Citing financial constraints and lack of regular use, Athens-Limston Hospital announced the closure of the pool at the health center, but many in the community felt the decision was bad.

In a letter to members on November 5, the hospital’s president, Tracy Collins, said the pool was too expensive to repair, especially as the hospital was working to recover from a $ 230,000 deficit at the center last budget year. Considering that less than .03% of the current members of the center use the pool regularly and require more than $ 270,000 in maintenance and equipment, Collins said he decided to close the pool later this year.

“We understand the frustration and inconvenience this decision has caused to some of our members, but we cannot avoid it,” she said. “Athens-Limston Hospital is responsible for meeting the medical and health care needs of patients and their families throughout our society. Unfortunately, sometimes difficult choices have to be made.”

The 75-foot pool will close on Dec. 31, according to the hospital. Collins did not mention in her letter that the hot tub was hurting, but that her membership included access to security centers in Huntville, Madison, Dicatur and Scholes, which are part of the Huntsville Hospital system.

“We also know that there is a medical pool at SportsFit in our community,” Collins said. “If you choose to go there, we will help.”

However, the community is not ready to leave the pool at ALH’s Wellness Center. By Friday, more than 500 people had signed up petition Ask the hospital to open the pool.

Many supporters have left comments to explain why it is important to stay open.
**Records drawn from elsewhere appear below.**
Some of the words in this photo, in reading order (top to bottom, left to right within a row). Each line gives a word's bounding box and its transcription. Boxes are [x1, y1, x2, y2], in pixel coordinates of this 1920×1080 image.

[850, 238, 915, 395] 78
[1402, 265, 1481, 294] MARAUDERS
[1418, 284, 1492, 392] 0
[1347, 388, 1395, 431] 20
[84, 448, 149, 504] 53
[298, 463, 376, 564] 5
For some, the pool helped them stay in shape as they got older or regain mobility after an accident. It is a way for other children, including swimmers, to practice swimming in the winter.
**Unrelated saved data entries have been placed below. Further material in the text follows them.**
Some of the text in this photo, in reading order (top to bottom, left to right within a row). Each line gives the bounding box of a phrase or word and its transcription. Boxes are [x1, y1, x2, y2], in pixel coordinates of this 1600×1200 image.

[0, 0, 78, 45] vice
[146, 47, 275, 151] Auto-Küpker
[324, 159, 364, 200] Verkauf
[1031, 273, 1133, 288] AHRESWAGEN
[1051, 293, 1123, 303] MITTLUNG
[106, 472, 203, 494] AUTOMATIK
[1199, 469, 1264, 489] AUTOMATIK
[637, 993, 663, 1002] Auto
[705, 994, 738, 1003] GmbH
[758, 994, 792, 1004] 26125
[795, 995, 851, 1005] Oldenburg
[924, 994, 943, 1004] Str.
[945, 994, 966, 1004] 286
“If the pools are closed, it will seriously affect the health and safety of people living and working in Limston County,” the complaint read. “Athens-Limston Hospital is always regarded as a good health care provider and a good example of caring for members of this community. Taking large part of their resources for their health and well-being will have a detrimental effect on that image.

Laura Kerner, who filed the complaint, collected certificates, handwritten letters, and signatures from those who wanted the pool open. She wrote a book to show how much she wanted to make the pool available.

“The more they told me their story, the more I felt their voice needed to be heard, so either I wrote them down or told them to give me a witness, and they are still coming,” Kerner said. “The letters were coming.”

After the operation, Kerner was told to use the pool herself. She said she fears that people with disabilities, strokes, surgeries or accidents will not be able to get the repairs they need if the pool is closed.